We don’t know ourselves well. We have never even seen our own face, only images.

The right spouse, to me is priceless for real growth. We may do battle as couples do, but I think she has helped me to mature.

I believe Kristine has and will help me to become more than I ever gathered  I could be. That’s not avoiding how difficult change can be. That’s, simply, the the story and the beauty of love.

Celebration

In this beautiful time of the year through which we have just passed, my spouse Kristine was reminded of St Patrick’s ancient prayer that so inspires her during her quiet times. Our Maker, incarnate, came to earth to bring each of us peace in days of chaos and abundant, eternal life. Nothing could be more celebratory.

We celebrate with you the enormous beauty and serenity of the Good News. Hoping you enjoyed a festive, Merry Christmas and are enjoying a bountiful, happy New Year.

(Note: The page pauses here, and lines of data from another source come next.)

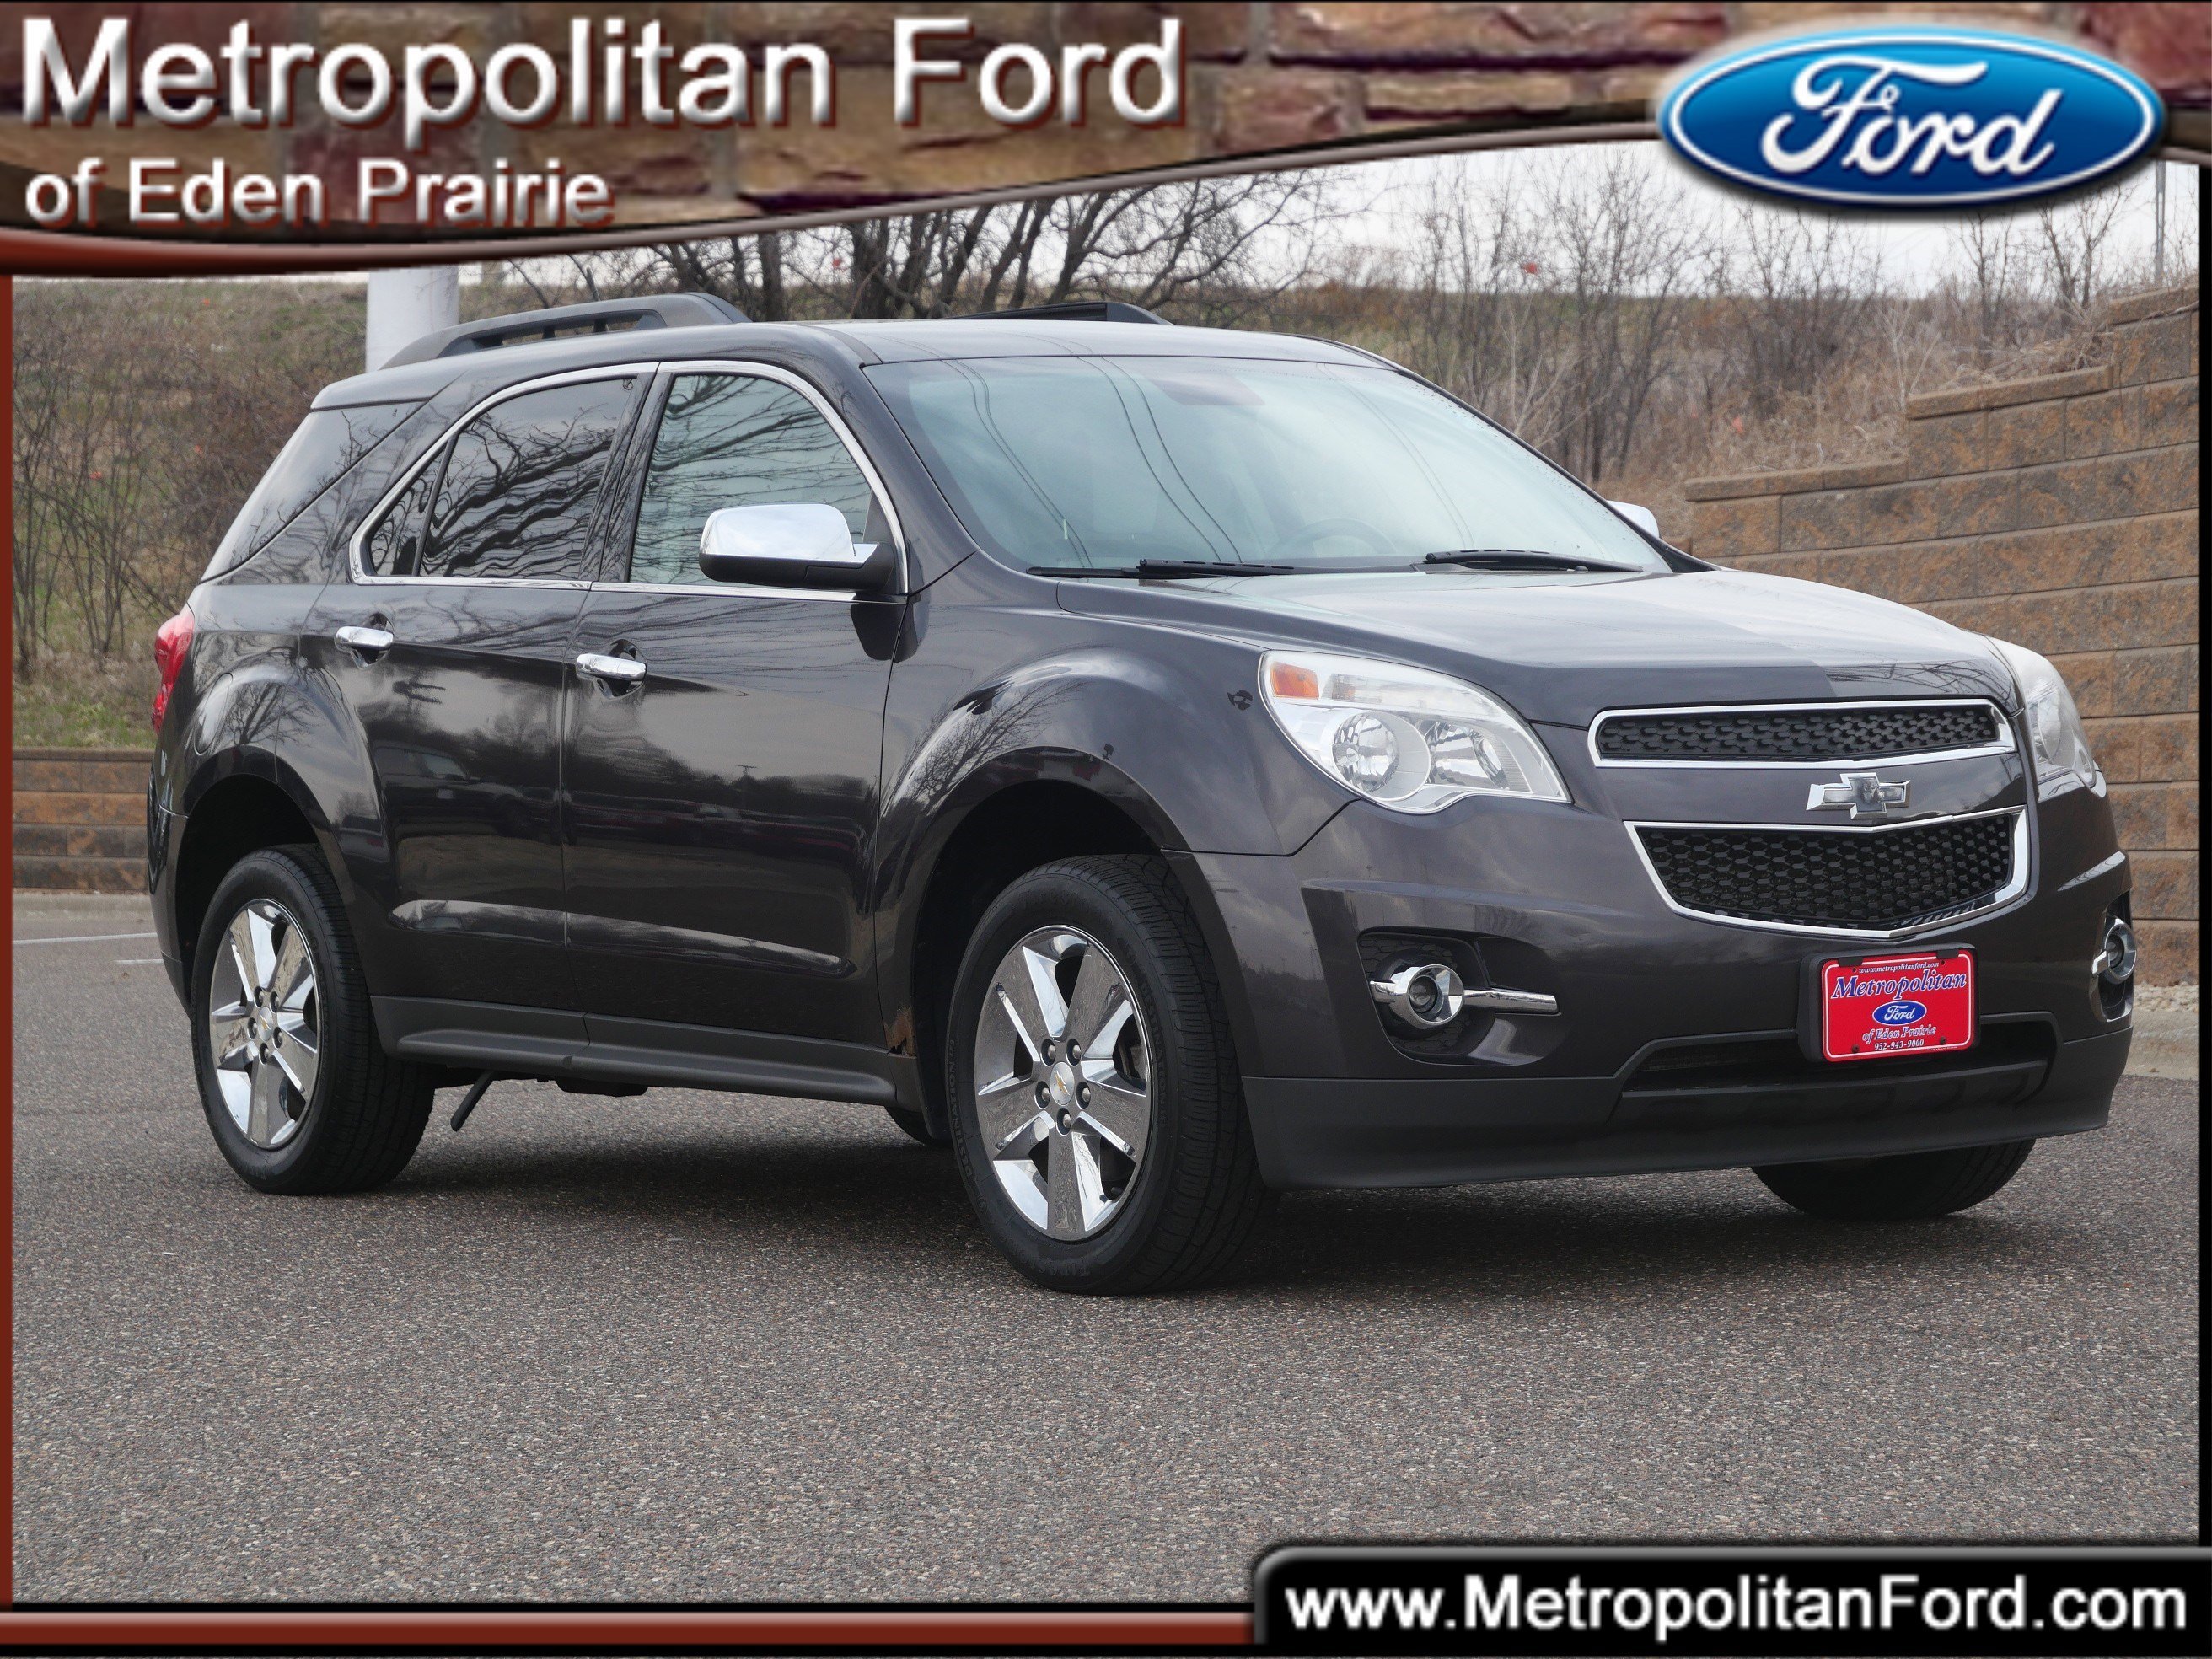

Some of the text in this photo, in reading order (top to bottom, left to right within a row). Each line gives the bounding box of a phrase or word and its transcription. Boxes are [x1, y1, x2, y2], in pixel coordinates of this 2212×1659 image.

[1859, 962, 1939, 974] www.metropolitanford.com
[1831, 969, 1967, 1000] Metropolitan
[1884, 1005, 1915, 1021] Ford
[1862, 1023, 1936, 1044] of Eden Prairie
[1874, 1039, 1925, 1051] 952-943-9000
[948, 1060, 974, 1178] DESTINATION

Those Memories, Preserving or Leaving Them Behind

“I write – so it would seem – to recapture, to preserve and return to the past, though I might just as easily be writing to forget and put that past behind me.” André Aciman, an American writer.

I get it, André. Sometimes my wounds begin to heal as I understand them better writing memoirs. It seems easier to forgive when I begin to put the past more soundly in the rear view mirror.

On the other hand there are joys I want to revisit. It can be writing or rereading my memoirs, reliving some of the joy in my best moments with Kristine and the kids.

As they say here in the first quarter of the 21st-century, it’s all good.

It’s Blown By

“This is a brief life, but in its brevity it offers us some splendid moments, some meaningful adventures.” Rudyard Kipling the renowned, late, English novelist.

For me, it went by in a flash. It went faster and faster with age. I’ve published 300 pages of memoirs in three books. Those long-term memories seem like yesterday, including, the first commercial flight I took on a rainy day in 1949.

It seems like this week that my son beamed from ear to ear as we bought him a new Toyota Tacoma truck. He treated that truck like a fine piece of jewelry and sold it for a remarkable price ten years after the purchase. It just happened. Didn’t it?

Stay close to those you love. It’s all going to blow by much faster than you ever imagined.

Yes, it’s trite. But it’s so, so true.